= Directions for this task =
Provide an exact reproduction of every entry.

+++

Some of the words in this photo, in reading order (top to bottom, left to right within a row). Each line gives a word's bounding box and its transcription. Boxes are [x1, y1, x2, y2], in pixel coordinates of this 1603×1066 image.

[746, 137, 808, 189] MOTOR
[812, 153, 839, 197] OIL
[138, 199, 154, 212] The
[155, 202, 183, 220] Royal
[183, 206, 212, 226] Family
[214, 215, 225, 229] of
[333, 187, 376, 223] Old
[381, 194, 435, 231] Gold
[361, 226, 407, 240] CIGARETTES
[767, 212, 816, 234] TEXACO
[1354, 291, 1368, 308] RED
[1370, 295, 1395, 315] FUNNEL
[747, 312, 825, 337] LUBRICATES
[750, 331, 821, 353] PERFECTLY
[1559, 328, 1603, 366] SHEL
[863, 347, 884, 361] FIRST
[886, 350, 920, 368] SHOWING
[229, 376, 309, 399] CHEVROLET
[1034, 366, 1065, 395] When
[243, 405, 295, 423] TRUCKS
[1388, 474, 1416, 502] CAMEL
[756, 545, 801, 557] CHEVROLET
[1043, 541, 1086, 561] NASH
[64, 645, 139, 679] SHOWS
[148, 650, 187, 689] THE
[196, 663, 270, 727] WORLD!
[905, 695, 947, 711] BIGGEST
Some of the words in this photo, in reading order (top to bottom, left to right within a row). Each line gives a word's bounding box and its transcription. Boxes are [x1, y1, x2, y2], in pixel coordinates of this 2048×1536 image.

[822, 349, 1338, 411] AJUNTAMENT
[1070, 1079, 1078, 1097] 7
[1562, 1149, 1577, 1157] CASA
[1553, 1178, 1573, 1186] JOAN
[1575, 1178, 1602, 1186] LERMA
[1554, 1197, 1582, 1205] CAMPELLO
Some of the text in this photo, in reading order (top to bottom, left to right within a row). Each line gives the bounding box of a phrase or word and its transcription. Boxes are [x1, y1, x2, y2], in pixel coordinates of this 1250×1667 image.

+++

= Response area =
Some of the words in this photo, in reading order (top to bottom, left to right within a row). Each line gives a word's bounding box and its transcription. Boxes are [x1, y1, x2, y2], in pixel coordinates of this 1603×1066 image.

[746, 137, 808, 189] MOTOR
[812, 153, 839, 197] OIL
[138, 199, 154, 212] The
[155, 202, 183, 220] Royal
[183, 206, 212, 226] Family
[214, 215, 225, 229] of
[333, 187, 376, 223] Old
[381, 194, 435, 231] Gold
[361, 226, 407, 240] CIGARETTES
[767, 212, 816, 234] TEXACO
[1354, 291, 1368, 308] RED
[1370, 295, 1395, 315] FUNNEL
[747, 312, 825, 337] LUBRICATES
[750, 331, 821, 353] PERFECTLY
[1559, 328, 1603, 366] SHEL
[863, 347, 884, 361] FIRST
[886, 350, 920, 368] SHOWING
[229, 376, 309, 399] CHEVROLET
[1034, 366, 1065, 395] When
[243, 405, 295, 423] TRUCKS
[1388, 474, 1416, 502] CAMEL
[756, 545, 801, 557] CHEVROLET
[1043, 541, 1086, 561] NASH
[64, 645, 139, 679] SHOWS
[148, 650, 187, 689] THE
[196, 663, 270, 727] WORLD!
[905, 695, 947, 711] BIGGEST
Some of the words in this photo, in reading order (top to bottom, left to right within a row). Each line gives a word's bounding box and its transcription. Boxes are [x1, y1, x2, y2], in pixel coordinates of this 2048×1536 image.

[822, 349, 1338, 411] AJUNTAMENT
[1070, 1079, 1078, 1097] 7
[1562, 1149, 1577, 1157] CASA
[1553, 1178, 1573, 1186] JOAN
[1575, 1178, 1602, 1186] LERMA
[1554, 1197, 1582, 1205] CAMPELLO
Some of the text in this photo, in reading order (top to bottom, left to right within a row). Each line gives the bounding box of a phrase or word and its transcription. Boxes are [x1, y1, x2, y2], in pixel coordinates of this 1250×1667 image.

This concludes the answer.